> [Assignment]
Restate every record word for word, without the pictures.

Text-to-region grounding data
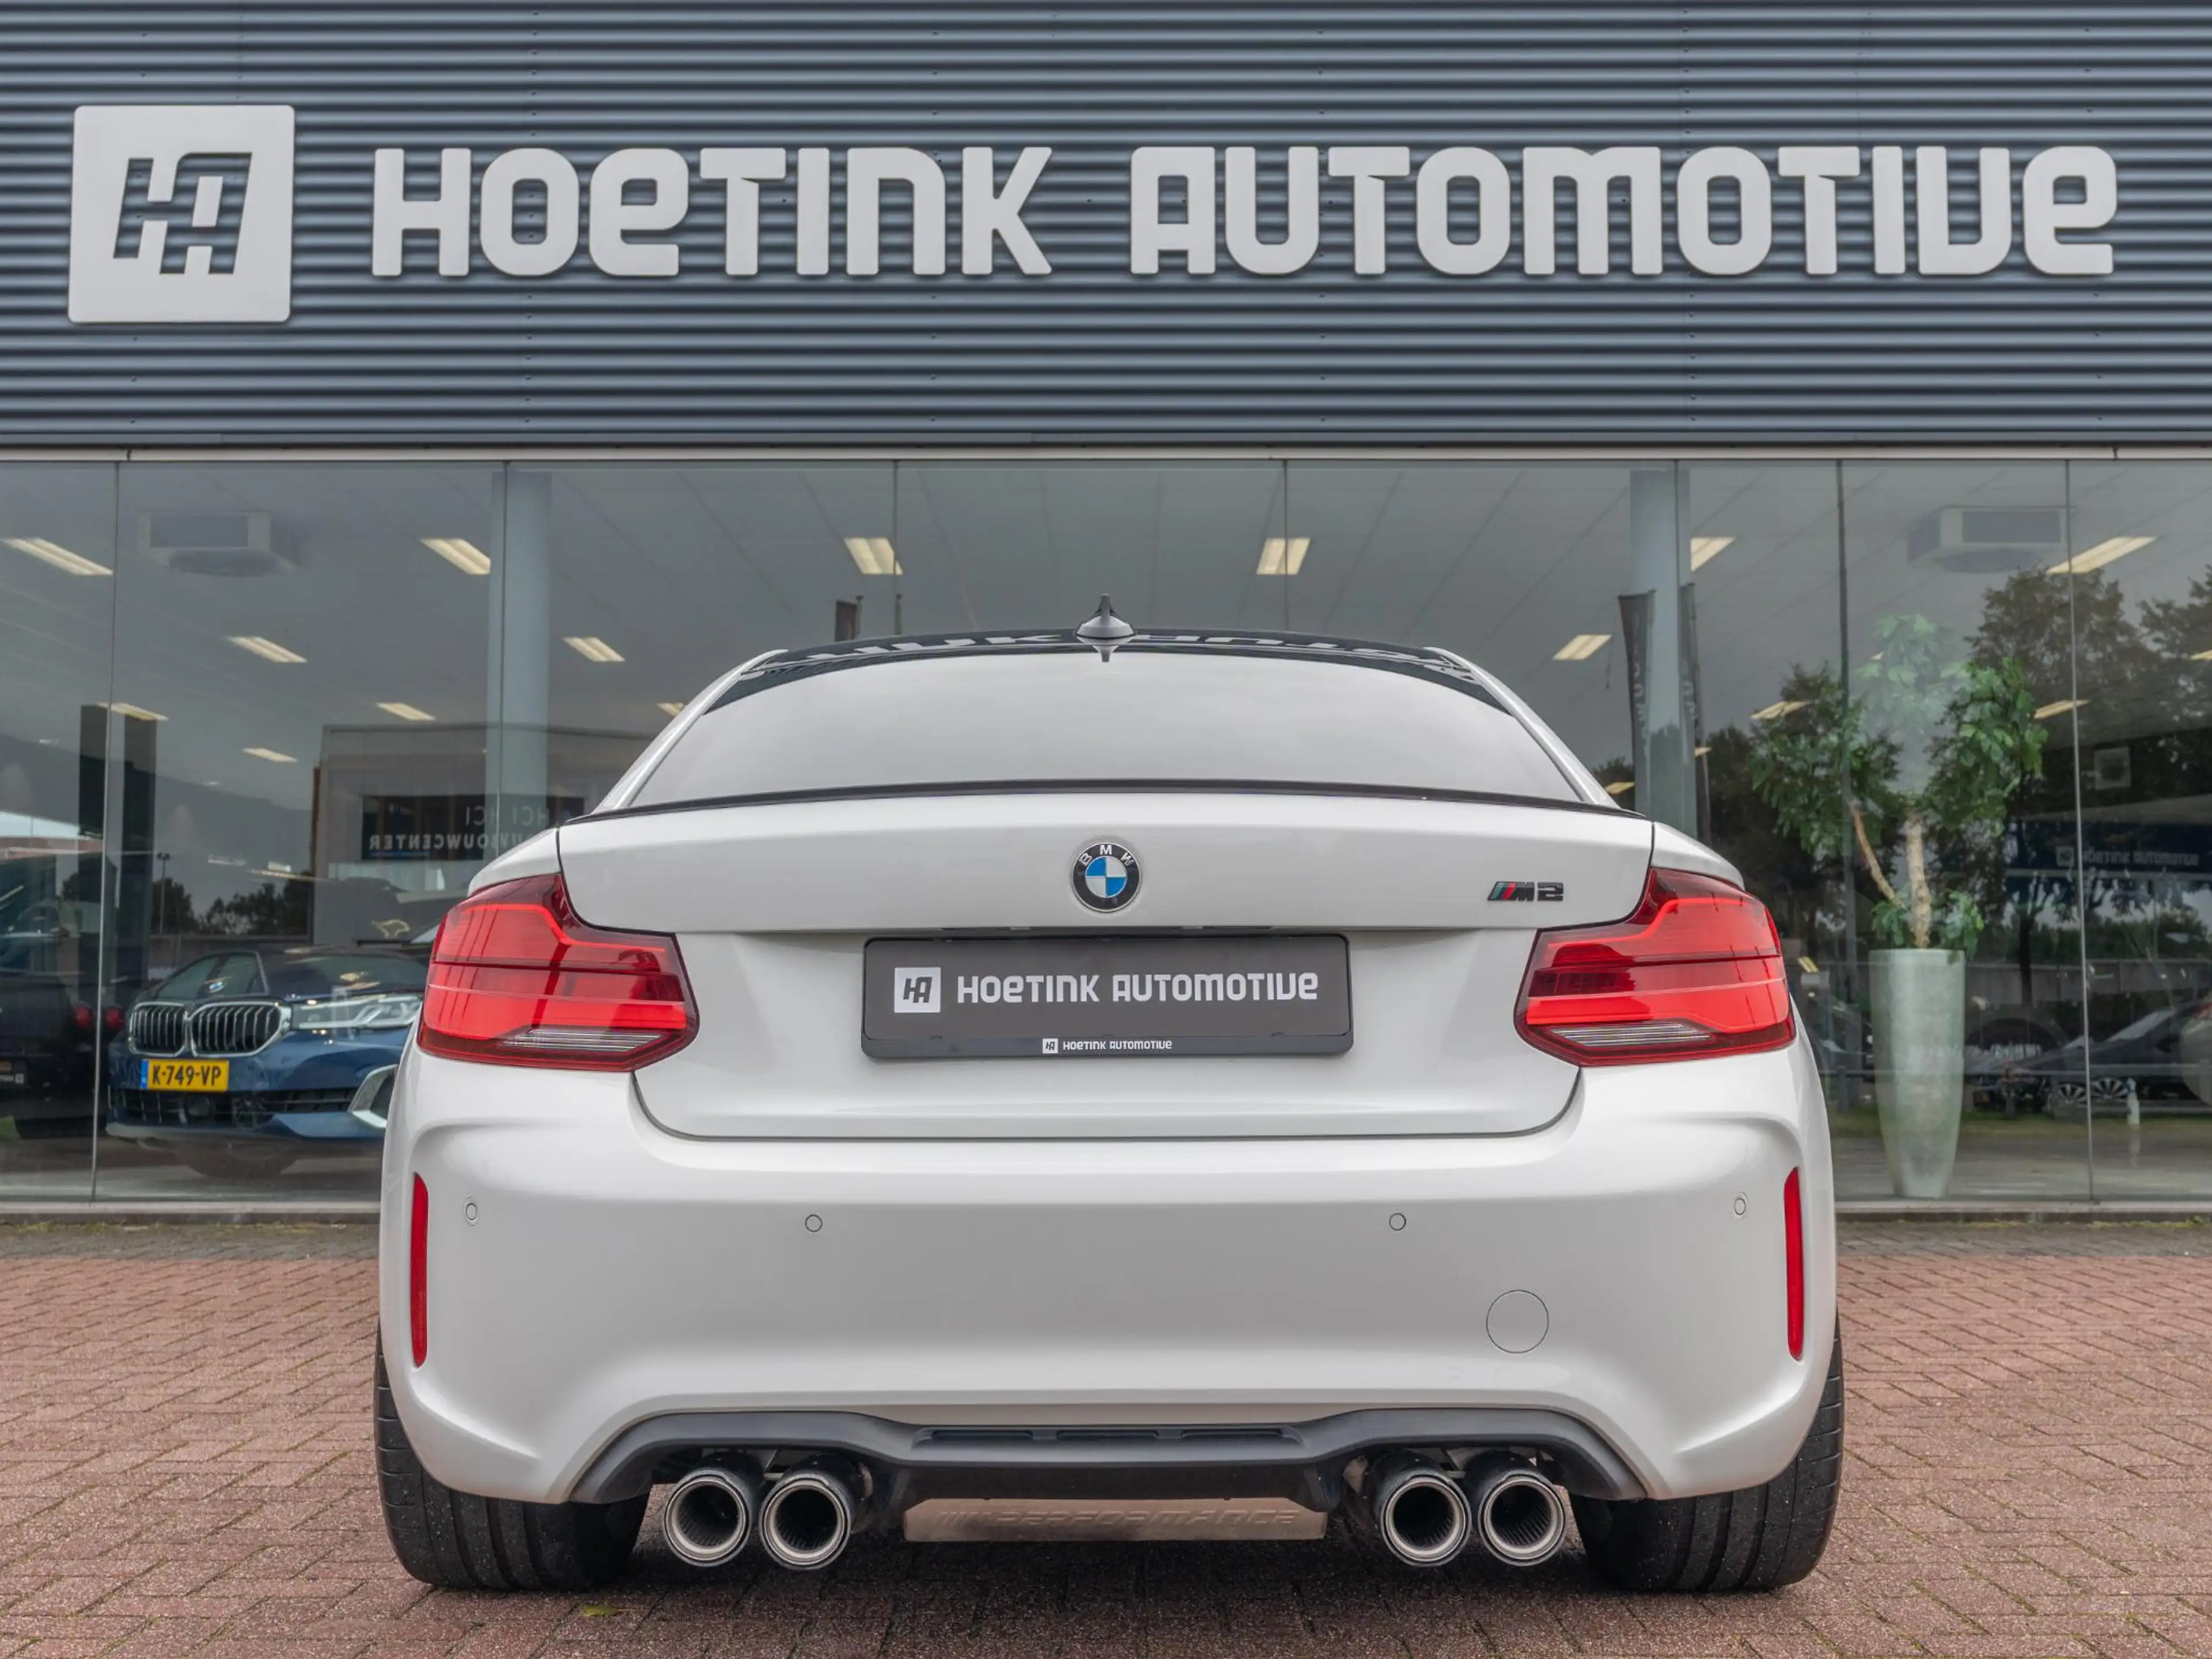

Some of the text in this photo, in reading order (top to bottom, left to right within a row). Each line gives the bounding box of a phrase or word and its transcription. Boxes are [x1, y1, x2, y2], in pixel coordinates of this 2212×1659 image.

[1078, 844, 1135, 866] BMW
[1487, 881, 1563, 902] M2
[152, 1065, 221, 1085] K-749-VP
[995, 1509, 1301, 1525] PERFORMANCE

> [Solution]
Some of the text in this photo, in reading order (top to bottom, left to right within a row). Each line gives the bounding box of a phrase or word and its transcription. Boxes are [x1, y1, x2, y2], in pixel coordinates of this 2212×1659 image.

[1078, 844, 1135, 866] BMW
[1487, 881, 1563, 902] M2
[152, 1065, 221, 1085] K-749-VP
[995, 1509, 1301, 1525] PERFORMANCE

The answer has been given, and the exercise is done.